Past Member 6 years ago

one must really admire the innovation of federal agencies. actually not them so much as the produce growers.wow. what imagination. i'm guessing that they found a loophole in the grant requirements that allows them to say what they want.who's to prove they are lying? so,we, the taxpayers are paying for an association of for profit produce growers to lie to us about the foods they produce.yes,i do so love irony. now, for those who are really bright and understand the federal world, here's the thing, the feds aren't happy,and they have really long memories. how can one make this really impressionable. the thing with mid-level federal bureaucrats is they love their level of power, don't want to be embarrassed and don't want their bosses to know how they could possibly have committed such a screw up, not that they even did this,but they will be blamed for it. If i really, really wanted to make this an unforgettable "mistake" i might consider a petition to the cabinet secretary of agriculture.of course, i would never blame the federal employees.no.no.no.not if you want the feds on your side. one must blame the produce growers for taking advantage of this one. the produce growers broke the one rule of funding; the one rule you must never, ever break. Never burn (antagonize, use, embarrass) a funding source. They sure did that. Don't blame the feds. This is an opportunity to help increase the divide between the dept of agriculture and the produce growers..enjoy.

.6 years ago

Oh come on, the dirty dozen was the best movie of the 90's.

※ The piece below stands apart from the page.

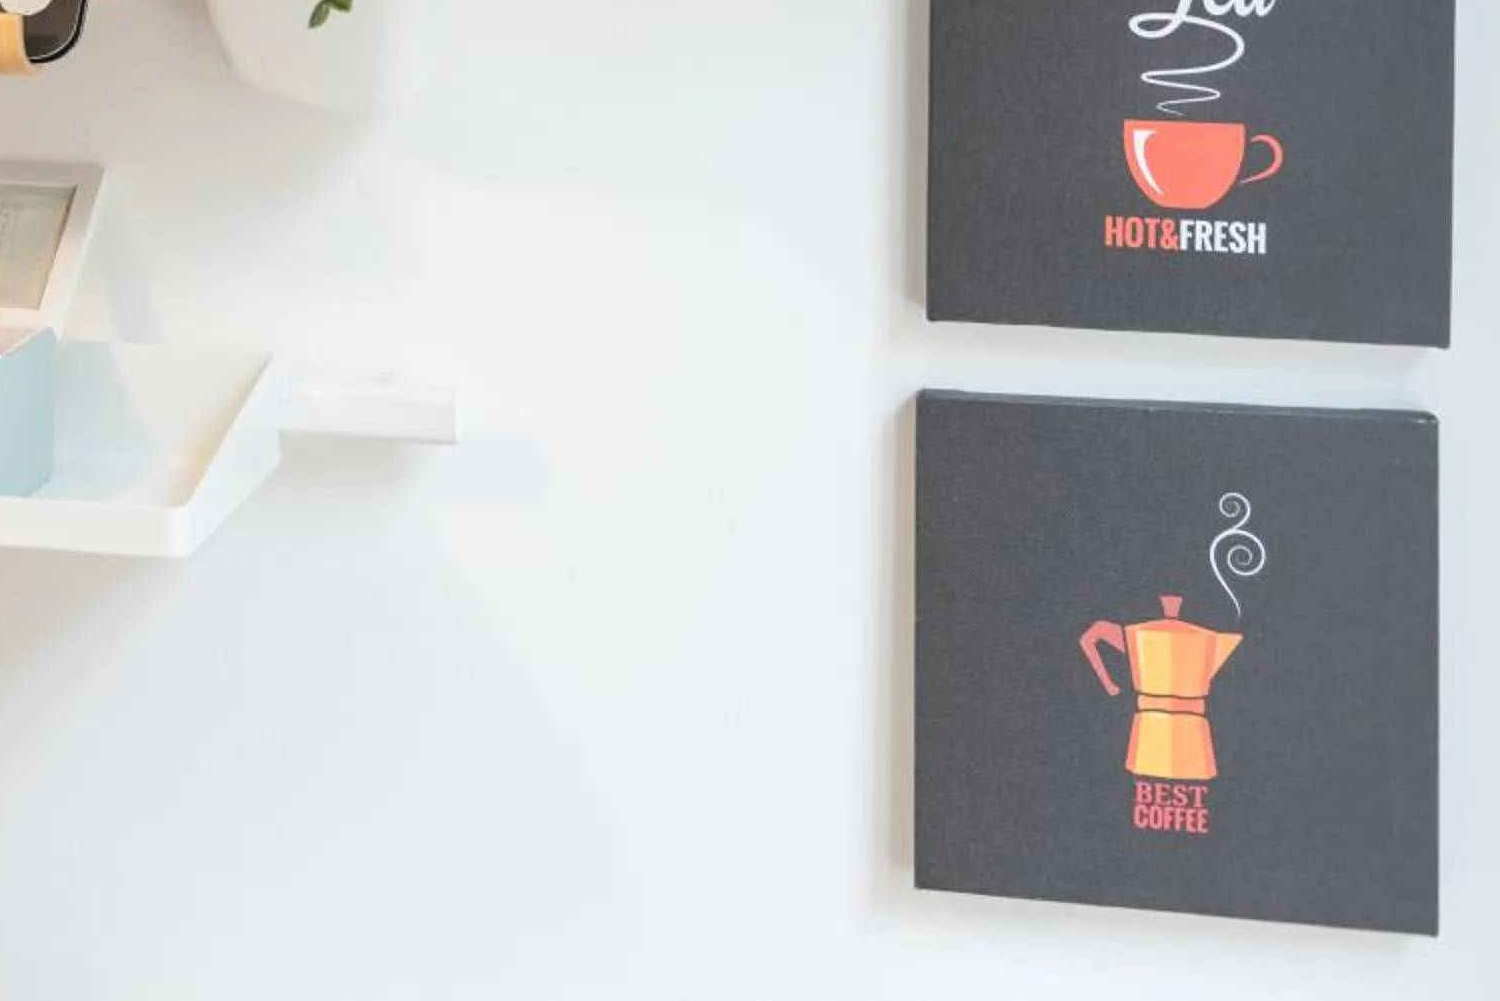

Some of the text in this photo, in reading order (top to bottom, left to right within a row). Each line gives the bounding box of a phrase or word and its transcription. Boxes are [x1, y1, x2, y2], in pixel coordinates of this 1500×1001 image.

[1105, 215, 1267, 255] HOT&FRESH
[1134, 781, 1208, 808] BEST
[1133, 805, 1208, 833] COFFEE

lets eat more dirty fruit, its only printed in english anyways, those punks think organix is from russia

Sarah G.
Sarah Gilmore6 years ago

this is why it's so important to buy or grow organic fruits & veggies..

Chris D.
Chris D.6 years ago

Major brands giving out samples on their favorite products search online for "123 Get Samples" I received my samples.

Joy Dantine
Joy Dantine6 years ago


neokuji s.
neokuji s.6 years ago

No taxpayer funded attacks ...We will not pay to poison ourselves and our environment!

Charlene R.
Charlene Rush6 years ago

I beg your pardon! This campaign is being funded with taxpayer dollars?

How silly of me, to presume that pesticide-laden foods might not be safe. POISONS!!! No big deal.

Purchasers must have the information, necessary to decide what they should or should not eat, and feed their families.
Now, we're not supposed to have this information.